PROBLEM REQUIREMENTS = Print the records exactly as written, and let no picture into the answer.

Referring expression grounding data =
_ _ _ _

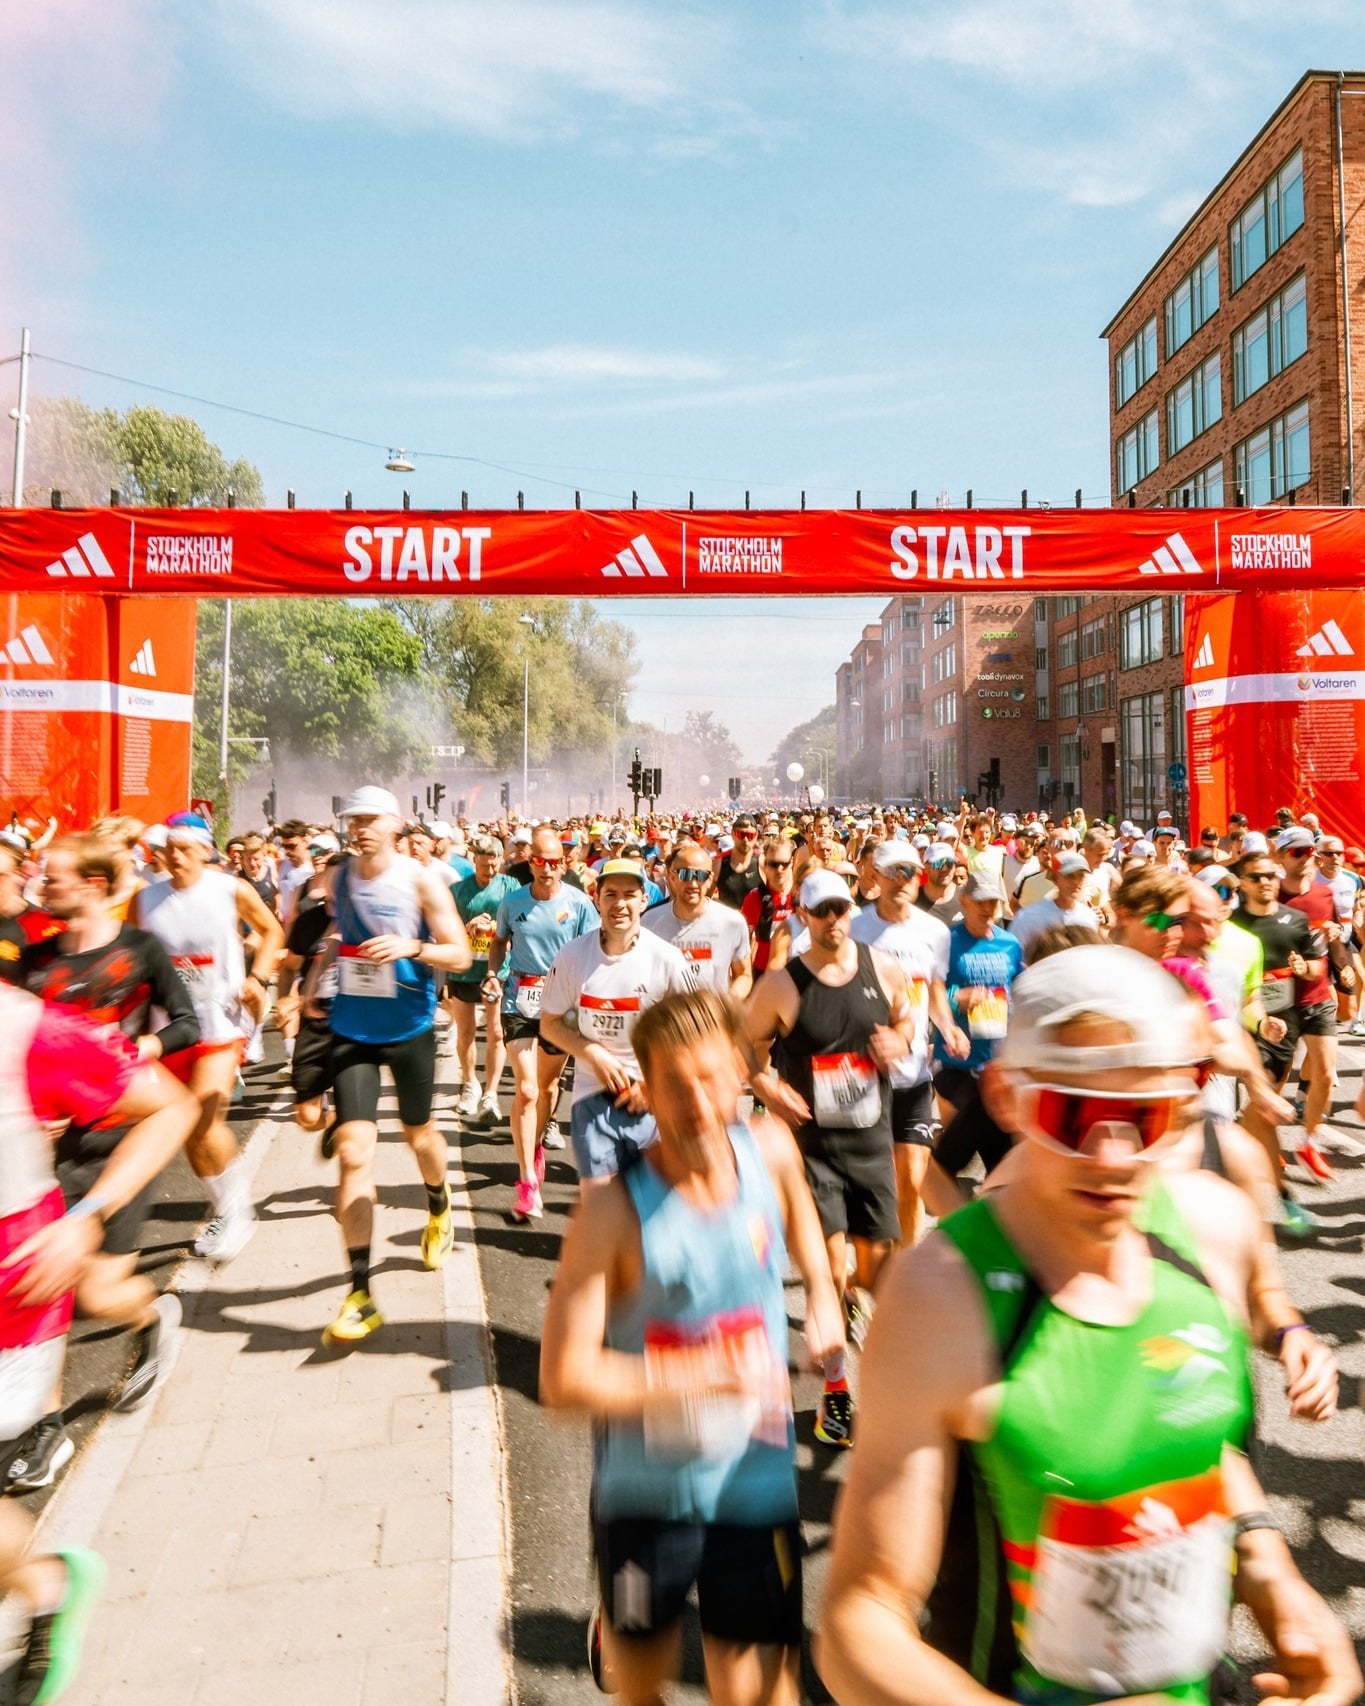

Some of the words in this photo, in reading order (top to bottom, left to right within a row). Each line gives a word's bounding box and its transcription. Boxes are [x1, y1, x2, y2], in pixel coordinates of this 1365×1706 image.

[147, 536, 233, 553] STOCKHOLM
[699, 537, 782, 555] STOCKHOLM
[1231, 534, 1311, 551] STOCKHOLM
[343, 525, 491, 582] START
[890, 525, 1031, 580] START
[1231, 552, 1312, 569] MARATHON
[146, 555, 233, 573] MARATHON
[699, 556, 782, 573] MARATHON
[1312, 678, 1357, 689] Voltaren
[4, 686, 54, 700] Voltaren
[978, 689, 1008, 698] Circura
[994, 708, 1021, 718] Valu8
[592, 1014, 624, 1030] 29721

_ _ _ _

WRITTEN ANSWER =
Some of the words in this photo, in reading order (top to bottom, left to right within a row). Each line gives a word's bounding box and its transcription. Boxes are [x1, y1, x2, y2], in pixel coordinates of this 1365×1706 image.

[147, 536, 233, 553] STOCKHOLM
[699, 537, 782, 555] STOCKHOLM
[1231, 534, 1311, 551] STOCKHOLM
[343, 525, 491, 582] START
[890, 525, 1031, 580] START
[1231, 552, 1312, 569] MARATHON
[146, 555, 233, 573] MARATHON
[699, 556, 782, 573] MARATHON
[1312, 678, 1357, 689] Voltaren
[4, 686, 54, 700] Voltaren
[978, 689, 1008, 698] Circura
[994, 708, 1021, 718] Valu8
[592, 1014, 624, 1030] 29721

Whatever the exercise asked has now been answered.